In the Case Report by Mohammad Alhaji and Ruxana T Sadikot, ‘A 62-year-old female patient with left-sided pleural effusion’, which appeared in the October 2013 issue of Expert Rev. Respir. Med. (7[5], 455–458 [2013]; www.expert-reviews.com/doi/full/10.1586/17476348.2013.816567), it has been brought to our attention that the following inaccuracy appeared:
The original version of this article, published online on 18 October 2013, was published without the Abstract and Keywords sections. These sections (shown below) have now been added to the article.
Abstract
Hepatic hydrothorax is defined as a pleural effusion in patients with liver cirrhosis without primary cardiac, pulmonary or pleural disease. It is a rare but important cause of unilateral–pleural effusion. The prevalence of this complication is 5–10% of the total number of patients with advanced stages of cirrhosis. In most cases (85%), the effusion is right-sided; however, in 13% of cases it can be left-sided and bilateral in 2% of the cases. We present a case of left-sided hepatic hydrothorax in the absence of ascites in a patient with primary biliary cirrhosis. The diagnosis of cirrhosis was confirmed by the biopsy; the patient didn’t have any history or any signs or symptoms of cirrhosis prior to her presentation. In the case described, the patient was treated with spirnolactone, furosemide and ursodeoxycholic acid. At follow-up after six months since the diagnosis, she was responding to treatment with no complications.
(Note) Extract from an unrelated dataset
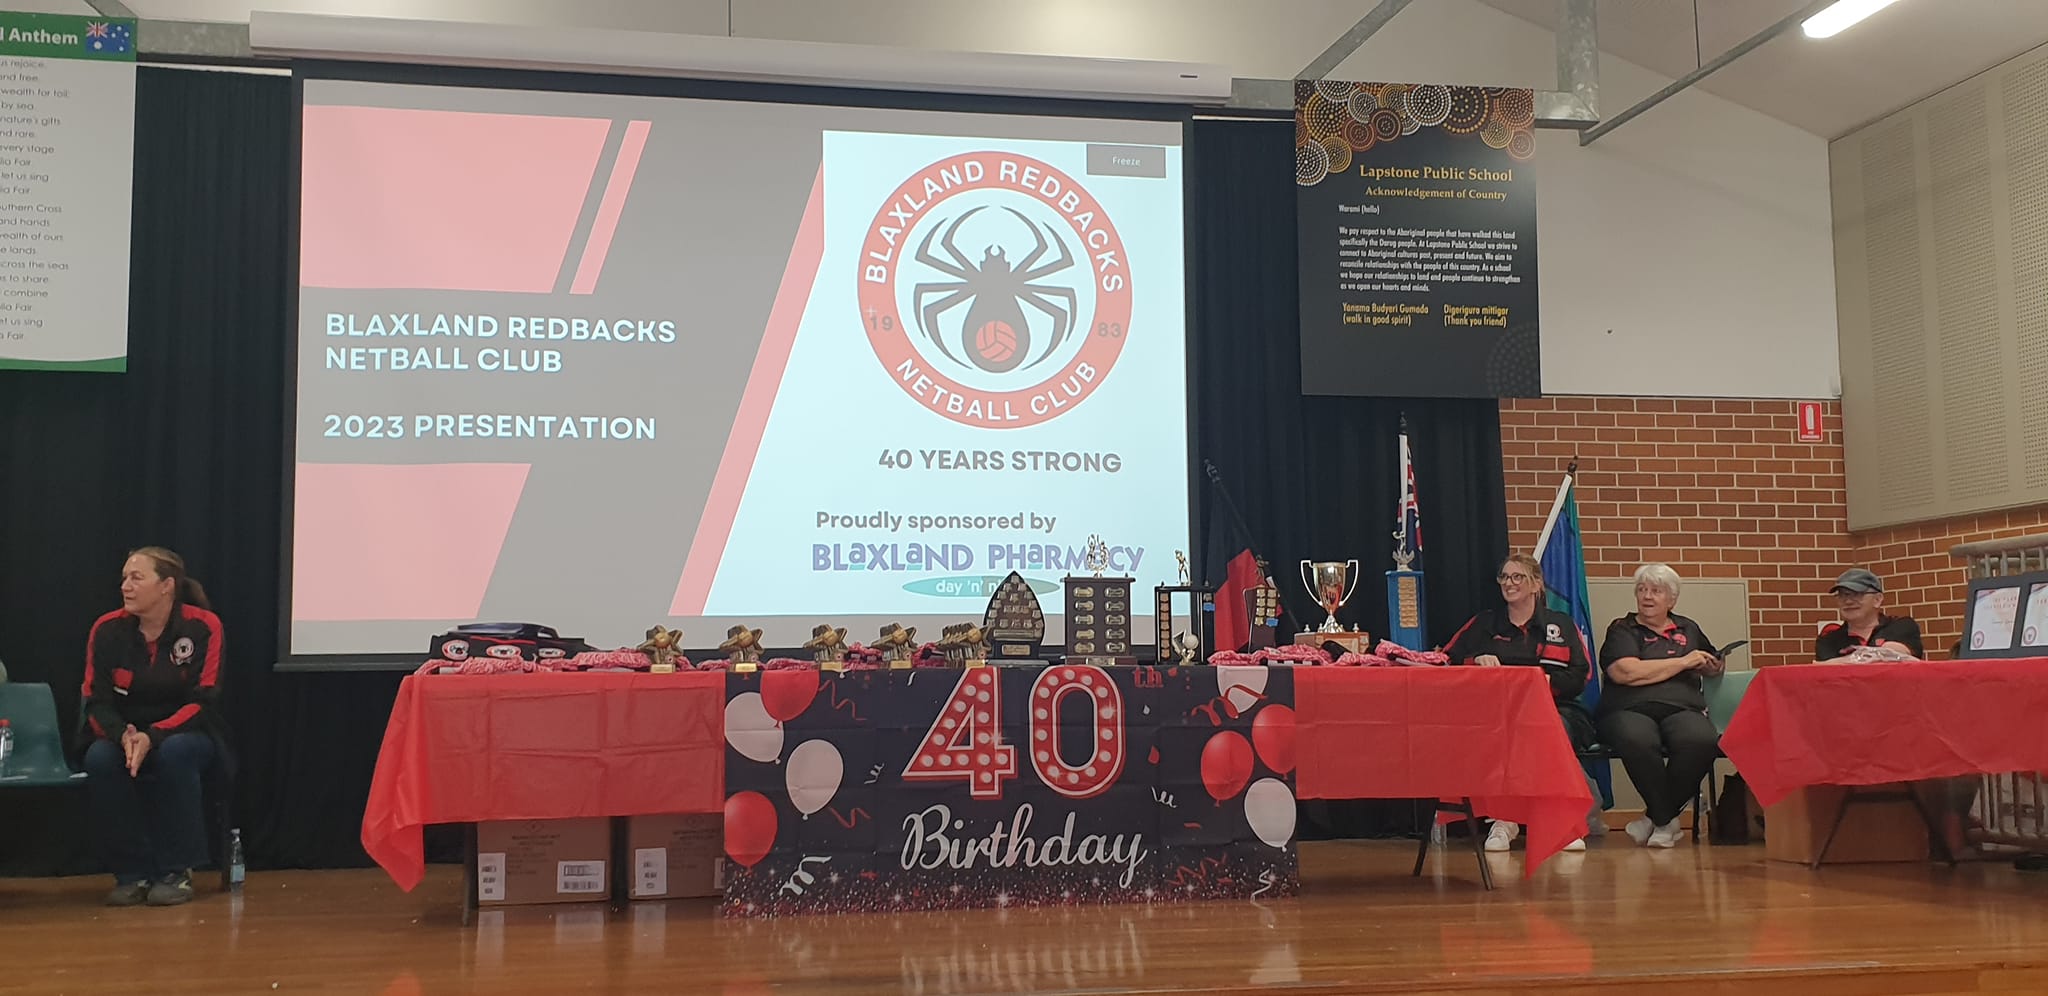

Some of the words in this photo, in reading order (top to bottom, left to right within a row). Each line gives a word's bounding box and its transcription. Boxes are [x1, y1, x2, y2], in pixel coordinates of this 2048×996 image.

This case emphasizes the importance of considering hepatic hydrothorax as an etiology of a transudative pleural effusion regardless of the presence or absence of ascites in patients with occult cirrhosis.
Keywords: ascites • hepatic hydrothorax • pleural effusion • primary biliary cirrhosis
The authors and editors of Expert Review of Respiratory Medicine sincerely apologise for this error and any inconvenience caused.